▸ **Dataset items**
* * *
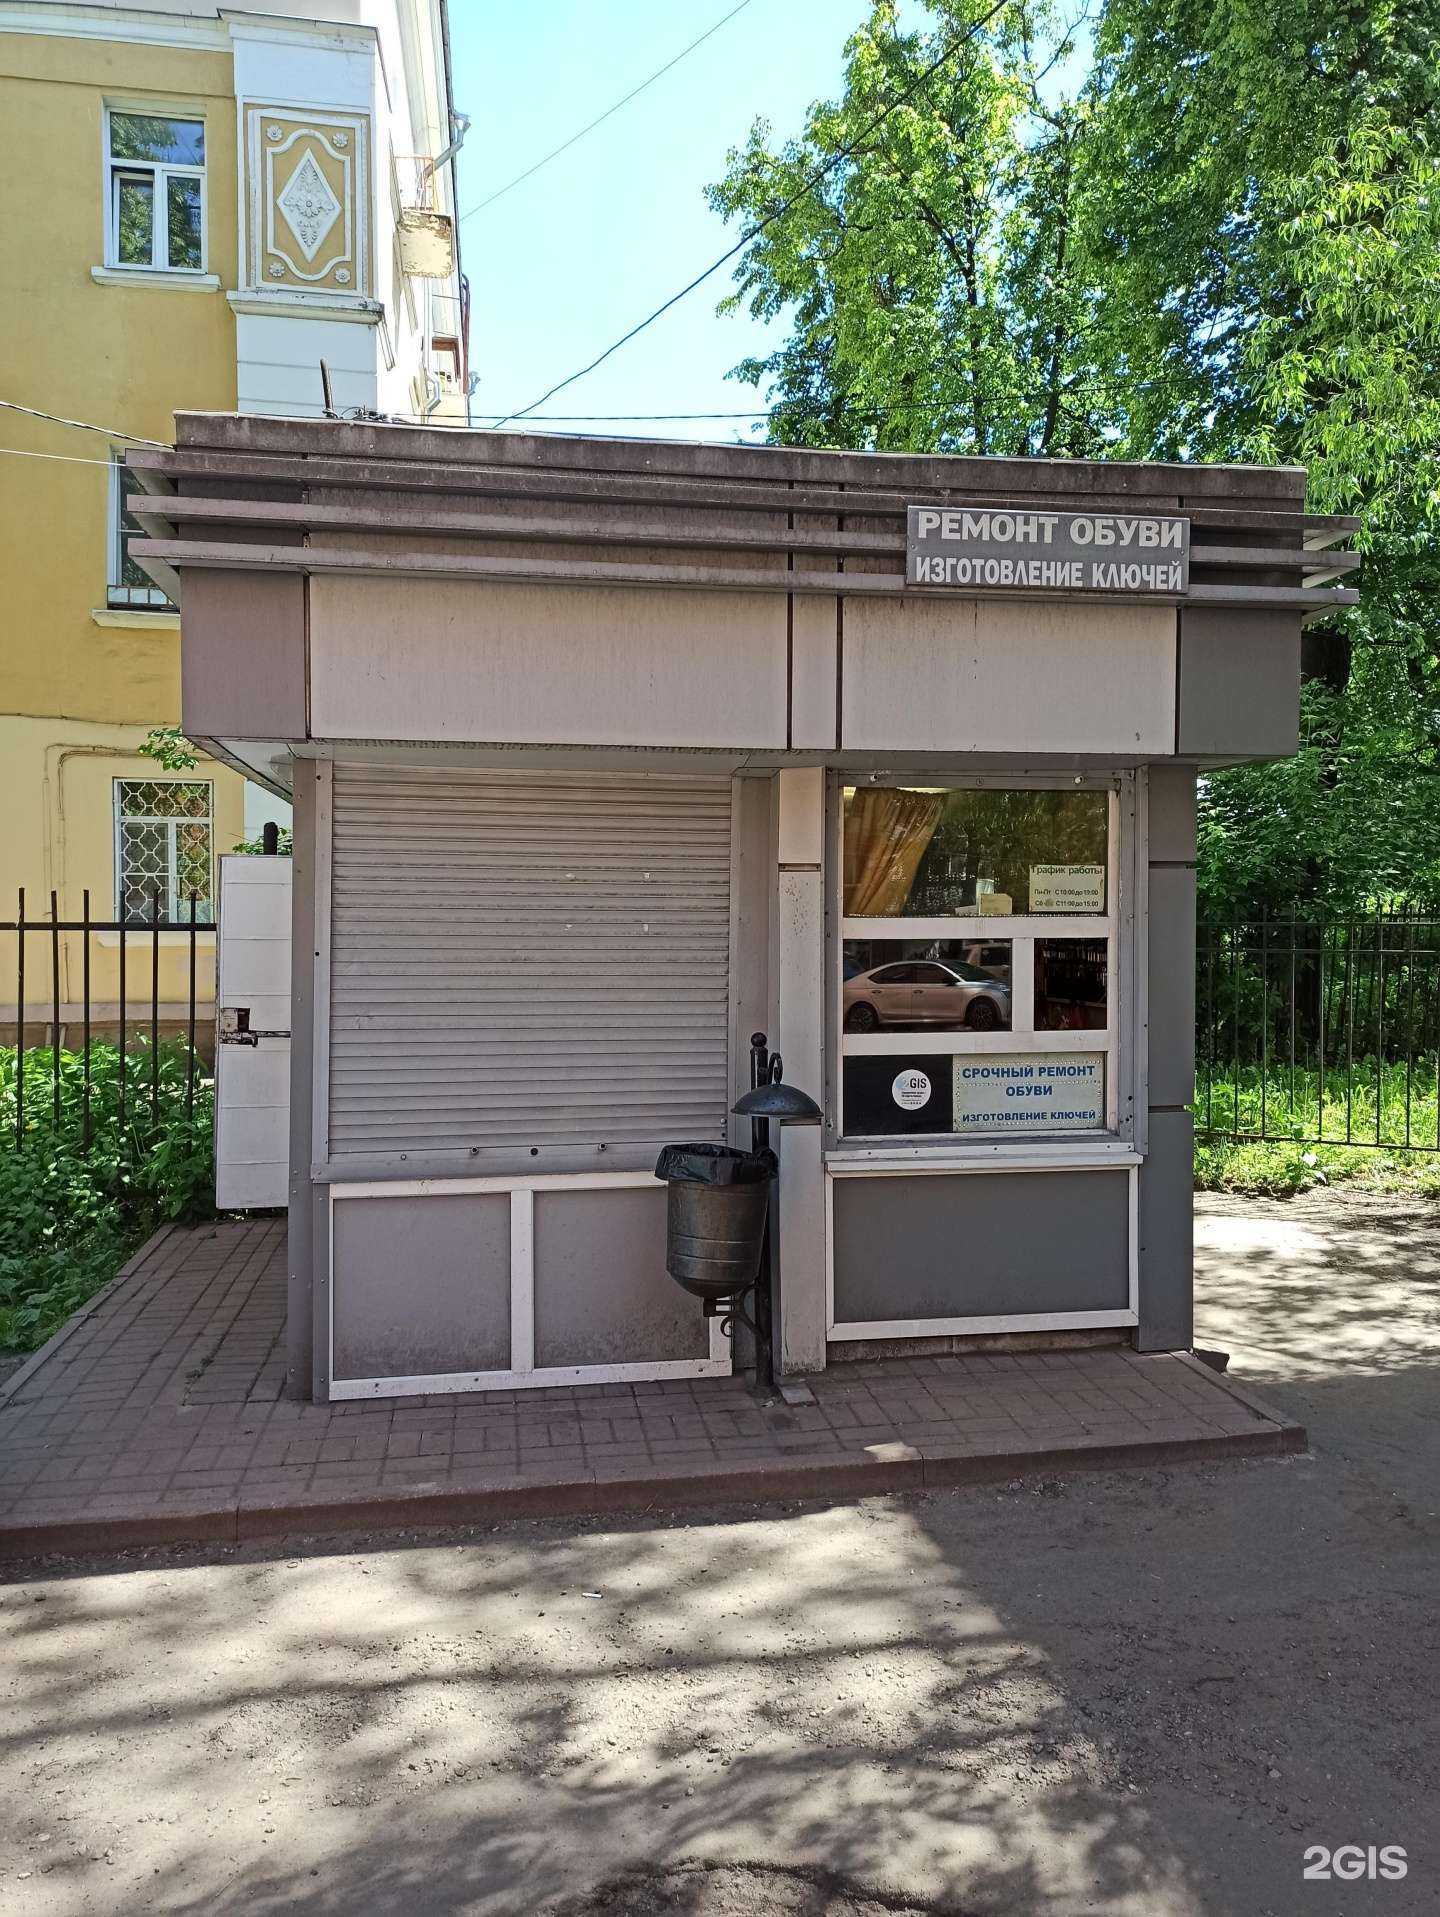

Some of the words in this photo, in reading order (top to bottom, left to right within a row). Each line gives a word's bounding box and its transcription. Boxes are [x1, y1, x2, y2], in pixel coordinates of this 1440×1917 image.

[917, 511, 1058, 544] РЕМОНТ
[1070, 517, 1182, 549] ОБУВИ
[916, 557, 1083, 588] ИЗГОТОВЛЕНИЕ
[1092, 560, 1182, 590] КЛЮЧЕЙ
[1031, 865, 1066, 876] График
[1069, 865, 1103, 876] работы
[962, 1065, 1034, 1079] СРОЧНЫЙ
[1038, 1065, 1095, 1078] РЕМОНТ
[1005, 1085, 1053, 1097] ОБУВИ
[962, 1111, 1047, 1122] ИЗГОТОВЛЕНИЕ
[1050, 1109, 1096, 1120] КЛЮЧЕЙ
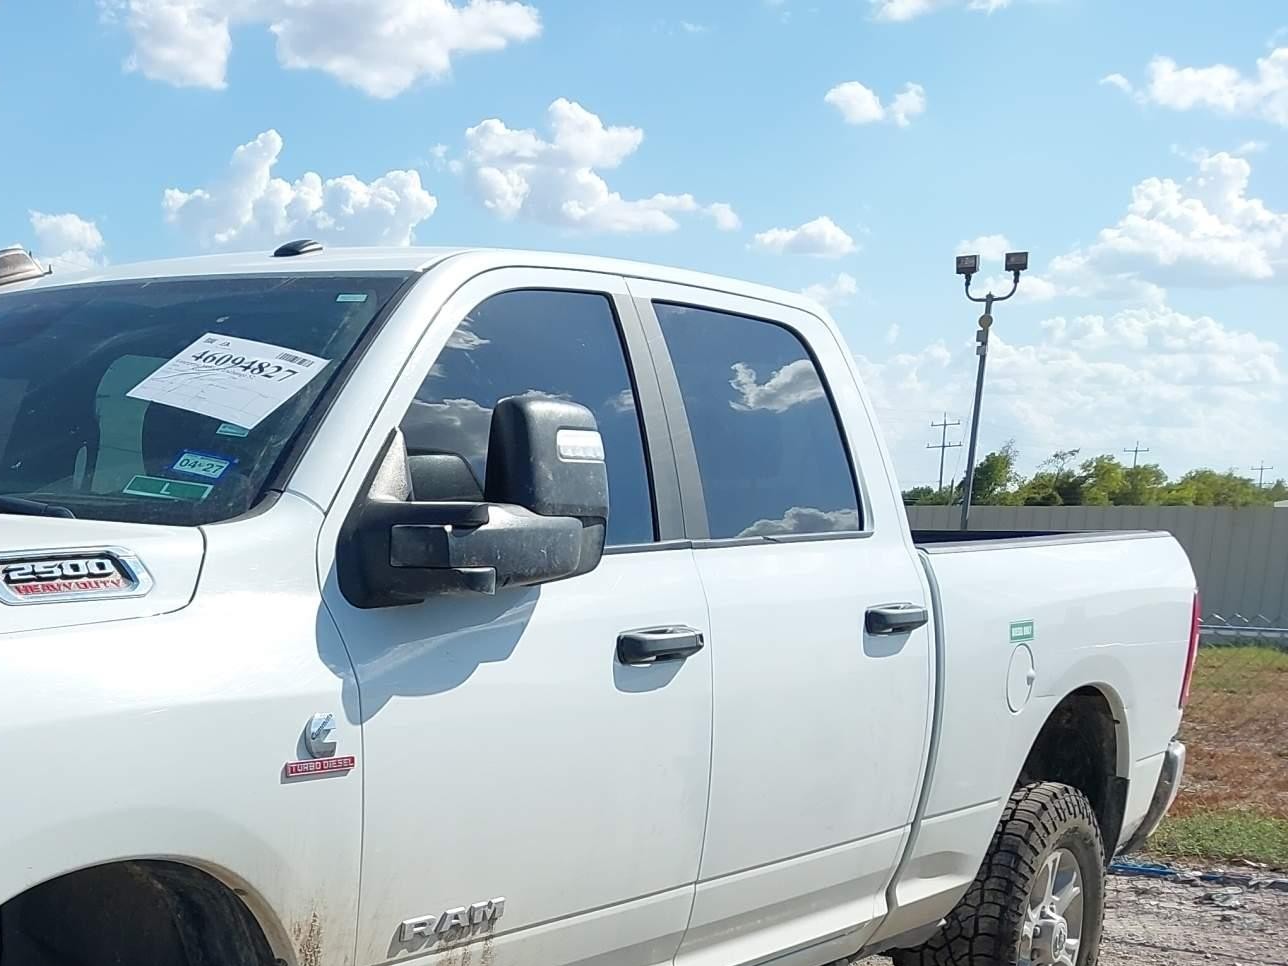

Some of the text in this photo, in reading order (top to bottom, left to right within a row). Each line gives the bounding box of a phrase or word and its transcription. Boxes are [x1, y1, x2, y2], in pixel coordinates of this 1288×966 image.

[192, 350, 299, 382] 46094827
[179, 458, 225, 474] 04 27
[4, 559, 114, 582] 2500
[15, 578, 121, 595] HEAVY DUTY
[288, 758, 355, 775] TURBO DIESEL
[392, 896, 505, 948] RAM
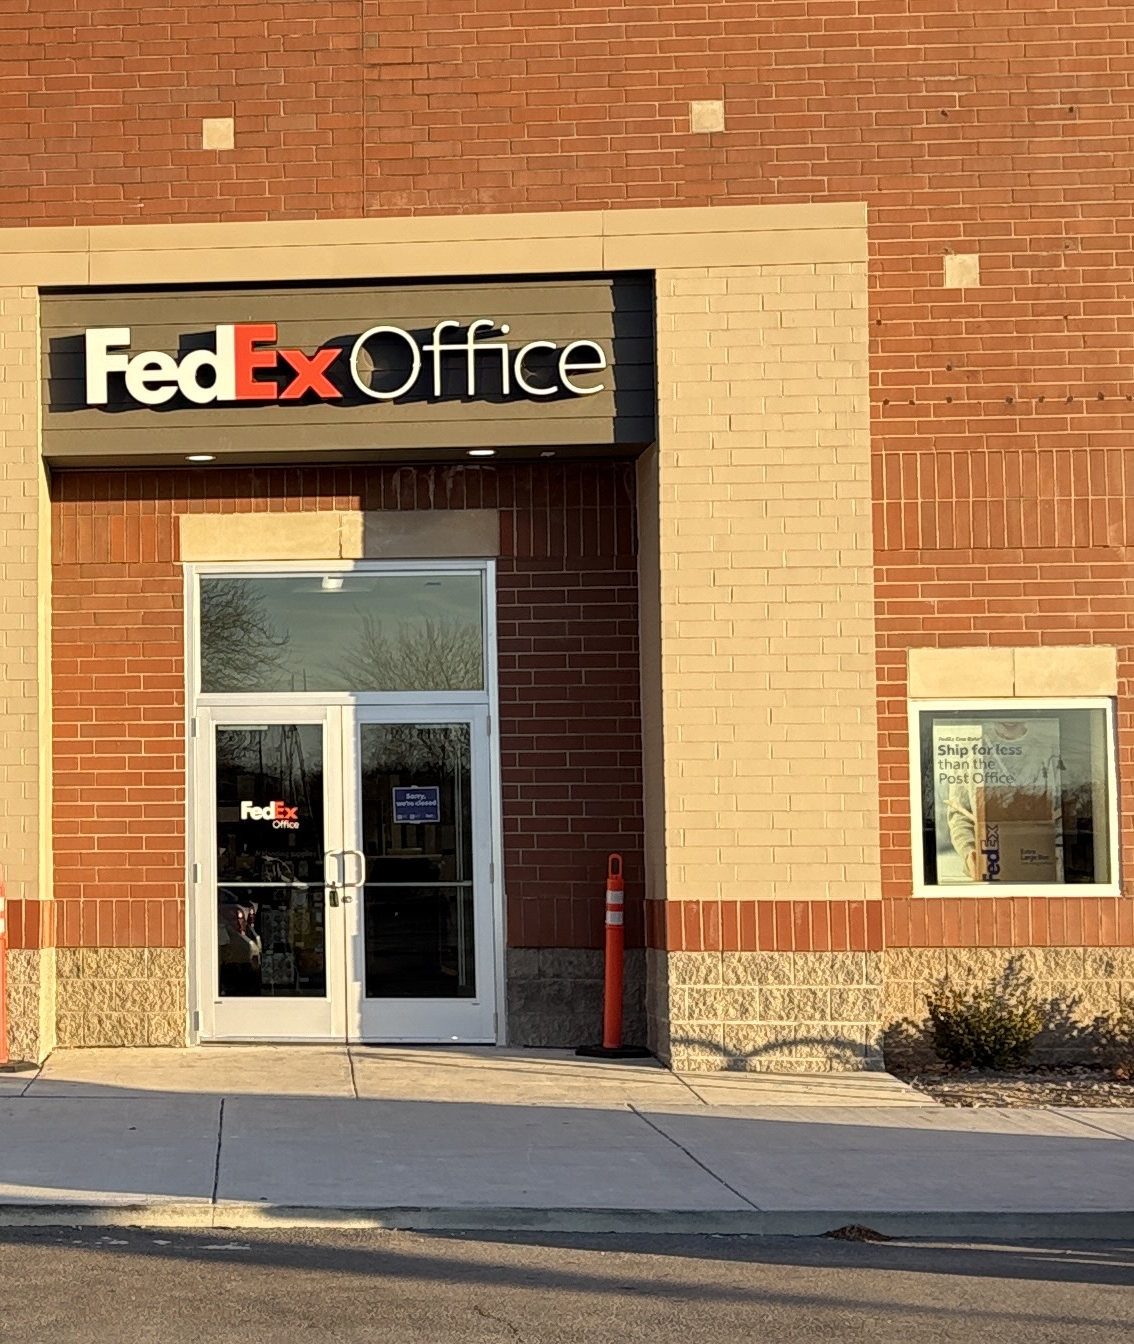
* * *
▸ **Task prompt**
The entries above are to be repeated in full, except for their pictures.

▸ **Answer space**
Some of the words in this photo, in reading order (top to bottom, left to right within a row). Each line gives a word's bounding box and its transcription. Boxes are [x1, y1, x2, y2], in pixel coordinates of this 1440×1917 image.

[917, 511, 1058, 544] РЕМОНТ
[1070, 517, 1182, 549] ОБУВИ
[916, 557, 1083, 588] ИЗГОТОВЛЕНИЕ
[1092, 560, 1182, 590] КЛЮЧЕЙ
[1031, 865, 1066, 876] График
[1069, 865, 1103, 876] работы
[962, 1065, 1034, 1079] СРОЧНЫЙ
[1038, 1065, 1095, 1078] РЕМОНТ
[1005, 1085, 1053, 1097] ОБУВИ
[962, 1111, 1047, 1122] ИЗГОТОВЛЕНИЕ
[1050, 1109, 1096, 1120] КЛЮЧЕЙ

Some of the text in this photo, in reading order (top to bottom, left to right within a row). Each line gives the bounding box of a phrase or word and its transcription. Boxes are [x1, y1, x2, y2], in pixel coordinates of this 1288×966 image.

[192, 350, 299, 382] 46094827
[179, 458, 225, 474] 04 27
[4, 559, 114, 582] 2500
[15, 578, 121, 595] HEAVY DUTY
[288, 758, 355, 775] TURBO DIESEL
[392, 896, 505, 948] RAM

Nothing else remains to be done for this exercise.